(Entries taken from a collection)
Segment Open

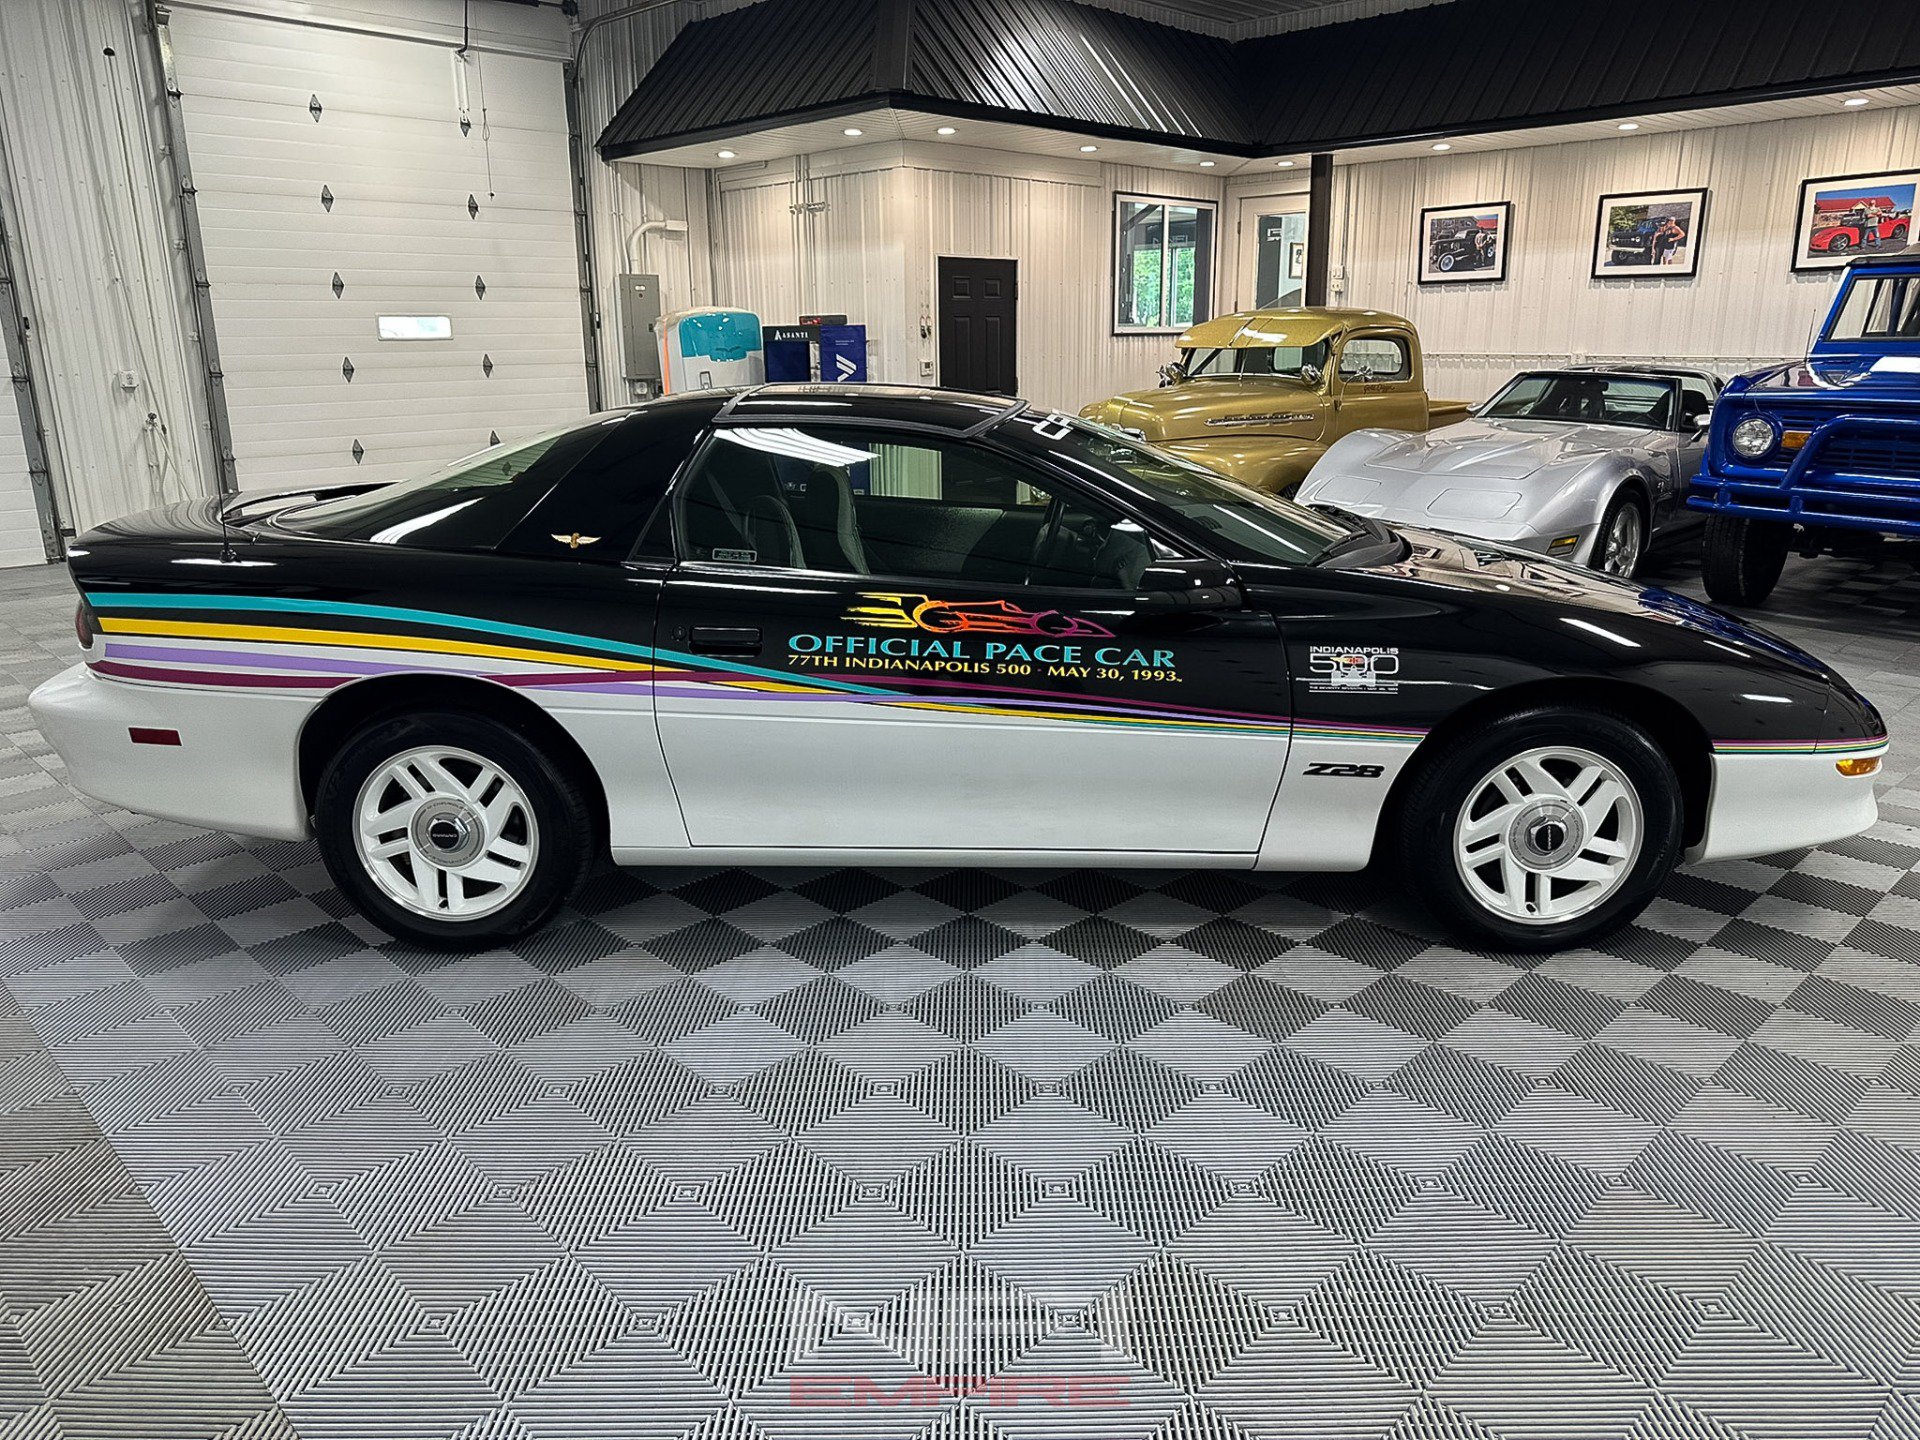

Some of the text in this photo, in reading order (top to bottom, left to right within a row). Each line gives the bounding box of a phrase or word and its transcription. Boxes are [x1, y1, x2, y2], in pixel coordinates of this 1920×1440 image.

[788, 634, 1176, 668] OFFICIAL PACE CAR
[1309, 646, 1399, 655] INDIANAPOLIS
[788, 655, 838, 667] 77TH
[845, 657, 990, 674] INDIANAPOLIS
[996, 663, 1031, 675] 500
[1047, 665, 1091, 678] MAY
[1096, 667, 1125, 681] 30,
[1309, 653, 1399, 675] 500
[1303, 763, 1385, 778] Z28

Segment Closed

Print every record exactly without the images.

* [COMPLETED EXERCISE]:
Some of the text in this photo, in reading order (top to bottom, left to right within a row). Each line gives the bounding box of a phrase or word and its transcription. Boxes are [x1, y1, x2, y2], in pixel coordinates of this 1920×1440 image.

[788, 634, 1176, 668] OFFICIAL PACE CAR
[1309, 646, 1399, 655] INDIANAPOLIS
[788, 655, 838, 667] 77TH
[845, 657, 990, 674] INDIANAPOLIS
[996, 663, 1031, 675] 500
[1047, 665, 1091, 678] MAY
[1096, 667, 1125, 681] 30,
[1309, 653, 1399, 675] 500
[1303, 763, 1385, 778] Z28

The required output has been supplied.